Terms of Coverage: Stop-Loss insurance policies run for a period of 12 months and contain the terms for which period of time the claims must be incurred and paid. There are numerous options for these periods. The most common options are known as 12/12 and 12/15.
- 12/12: Under the 12/12 terms, coverage is provided for claims incurred over the 12 month policy period and paid in those 12 months.
- 12/15: The 12/15 term covers claims incurred over 12 months and paid in 15 months thereby providing a 3 month run-out period for paying claims. Naturally, this will add to the cost of the premium (15% - 20% on average) since there is increased likelihood for a claim due to the extra run-out.
5 Advantages of Self-Funding
There are a number of advantages that a self-funding plan offers:
- Improved Cash Flow – Rather than pay fixed costs on a monthly basis to the carrier, the employer is now paying a much smaller amount of monthly fixed costs (stop-loss plus administration fee is usually around 25% of regular monthly premium). The claim portion is paid on an “as billed” basis which allows the employer to benefit from the cash flow.

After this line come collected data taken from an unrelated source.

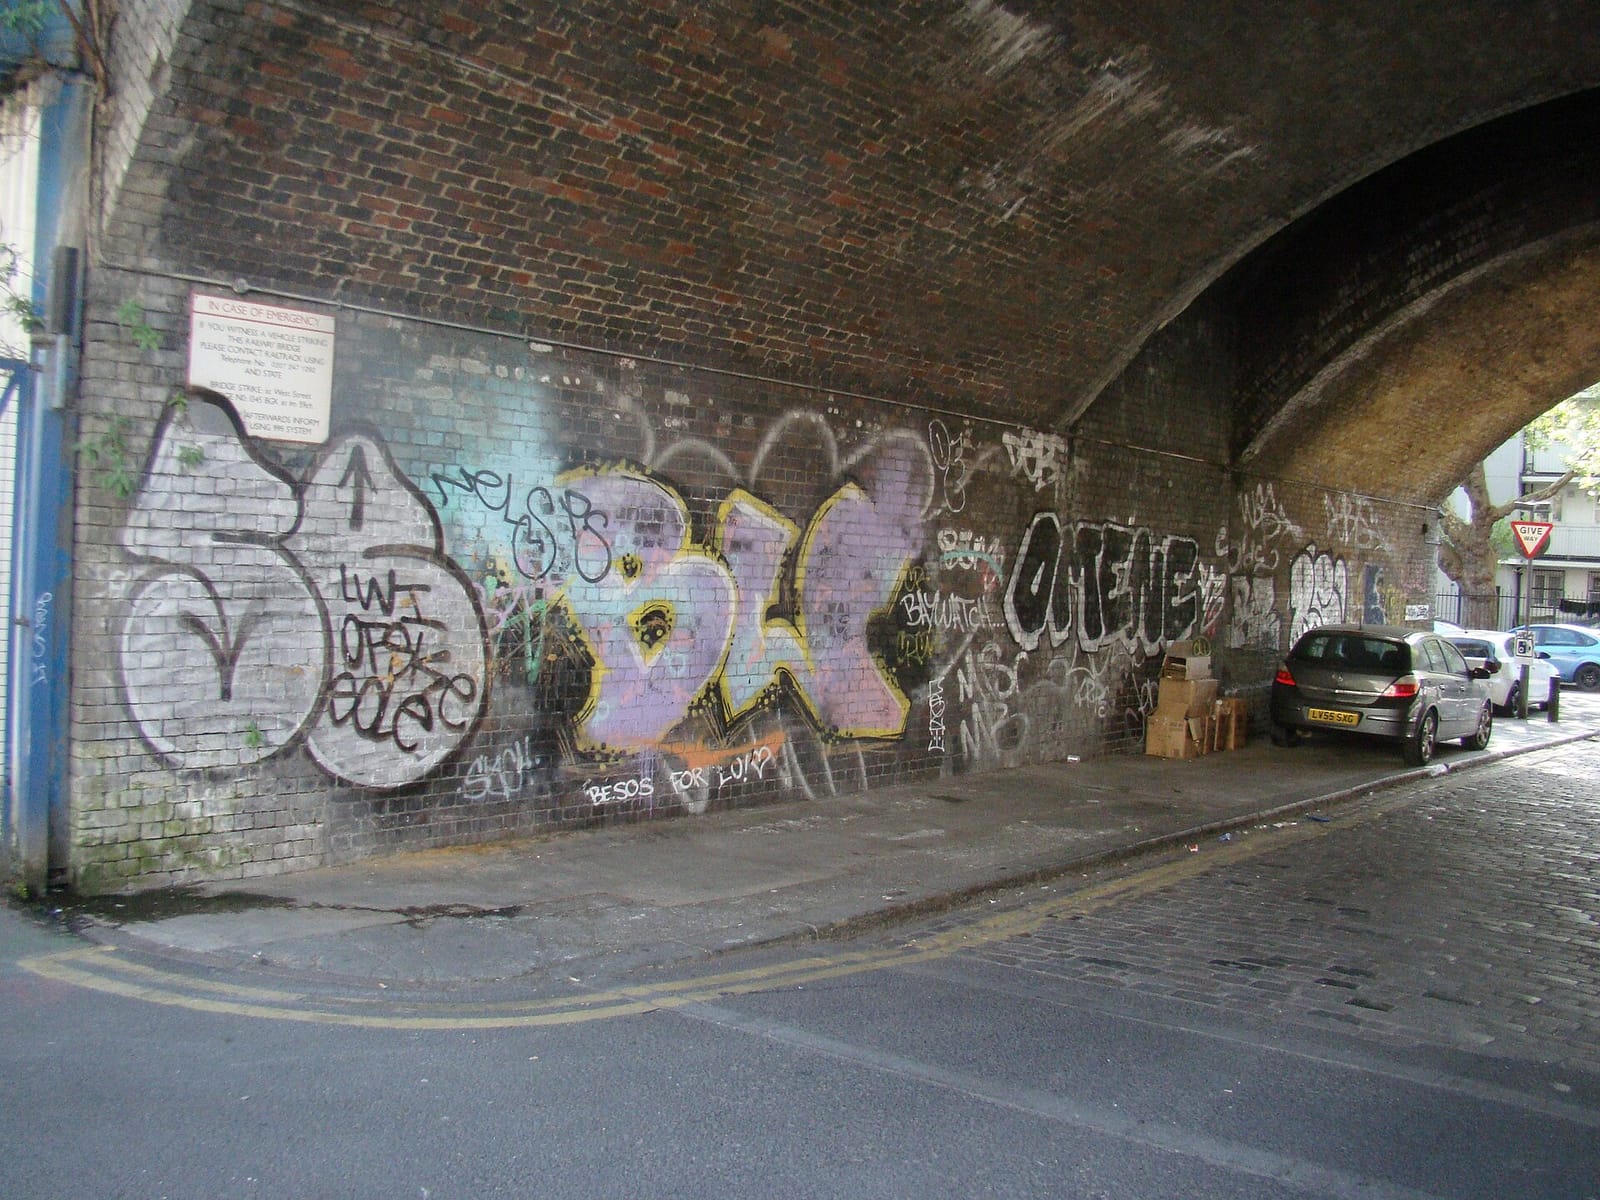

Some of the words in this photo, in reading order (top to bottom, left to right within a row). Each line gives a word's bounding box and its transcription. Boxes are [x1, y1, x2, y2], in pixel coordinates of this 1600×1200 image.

[223, 303, 246, 314] CASE
[267, 311, 319, 326] EMERGENCY
[208, 322, 223, 331] YOU
[227, 325, 257, 336] WITNESS
[269, 332, 295, 341] VEHICLE
[298, 336, 327, 346] STRIKING
[228, 335, 242, 344] THIS
[246, 338, 274, 348] RAILWAY
[277, 343, 300, 352] BRIDGE
[200, 341, 225, 351] PLEASE
[228, 345, 262, 356] CONTACT
[265, 351, 301, 362] RAILTRACK
[304, 356, 324, 365] USING
[221, 354, 250, 365] Telephone
[245, 367, 260, 375] AND
[263, 370, 282, 378] STATE
[210, 381, 235, 390] BRIDGE
[239, 384, 261, 393] STRIKE
[293, 391, 311, 399] Street
[244, 411, 290, 423] AFTERWARDS
[294, 417, 319, 427] INFORM
[250, 421, 271, 430] USING
[287, 425, 311, 435] SYSTEM
[1520, 526, 1543, 535] GIVE
[1336, 713, 1354, 723] SXG
[669, 766, 710, 794] FOR
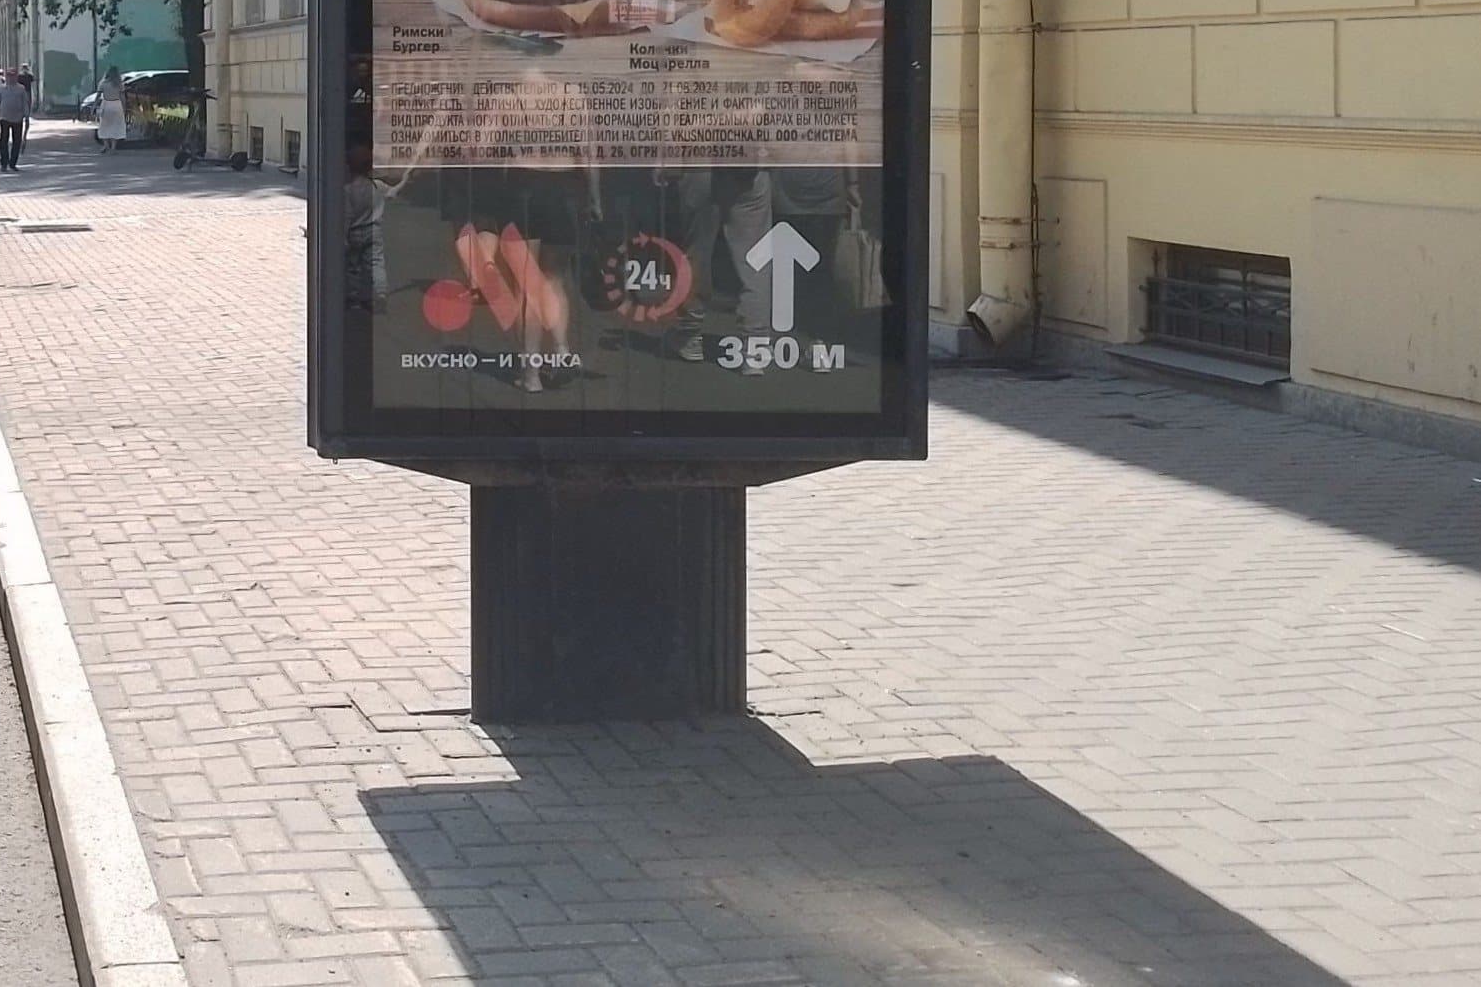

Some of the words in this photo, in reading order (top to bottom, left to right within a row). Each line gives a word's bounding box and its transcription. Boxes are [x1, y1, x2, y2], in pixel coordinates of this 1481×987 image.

- Customized Plan Designs – No more need to be restricted to boiler plate benefits offered by insurance carriers
- More Control on claims administration – Avoid the unnecessary claim payouts
- Less Impact from Healthcare Reform – Self-funded plans are impacted less by Healthcare Reform than fully insured plans. For example, self-funded plans are not subject to state mandates. In addition, some of the fees such as the 3% Insurer tax do not apply to self-funded plans. While there is a projected increase in cost to self-funded plans as a result of Healthcare Reform, that percentage increase is far less than the large 30% increase projected for fully-insured plans.
- Ability to Save $$$ - Historically, most self-funded plans have been able to reduce cost of health insurance an average of 15% to 20% annually.

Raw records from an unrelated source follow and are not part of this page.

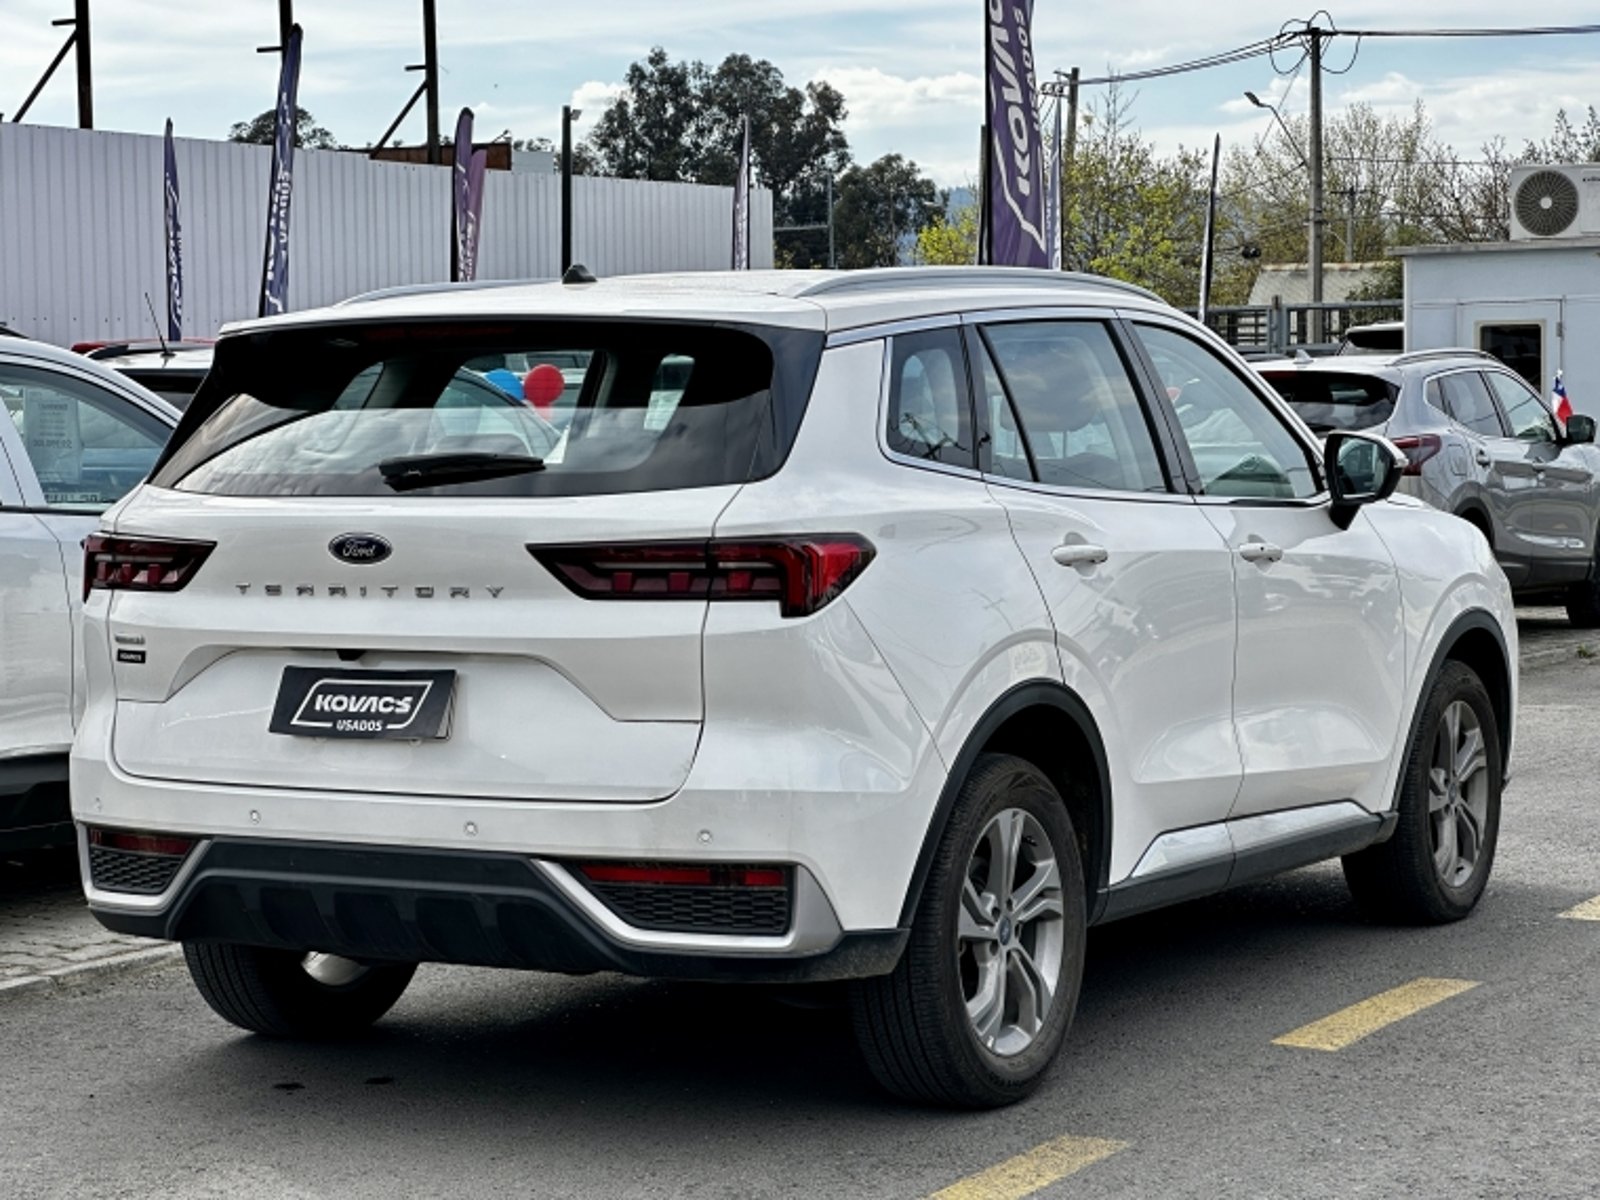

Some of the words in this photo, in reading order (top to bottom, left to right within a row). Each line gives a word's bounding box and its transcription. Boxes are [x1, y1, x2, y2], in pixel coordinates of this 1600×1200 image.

[1013, 6, 1040, 131] USADOS
[343, 539, 376, 557] Ford
[236, 584, 504, 599] TERRITORY
[314, 694, 413, 714] KOVACS
[336, 719, 382, 732] USADOS

Candidates for Self-Funding
To obtain the answer to that question, you should be able to identify the status of the issues below:
- How many employees enroll in the insurance? – Self-funded is usually not viable for groups less than 125-150 (enrolled). In reality, self-funding can be implemented with a group that is larger than 50, but the risk is greater as large claims can negate any savings opportunity.
- General health status of employees: Employers should have an idea if the general insured population has ongoing medical issues and if they have heavy utilization on the current health plan. These are often the identifiers of what to expect on the new health plan.
- Current cost of health insurance: Before deciding the next step, the employer needs to compare the current and renewal cost against projected cost of a self-funded plan.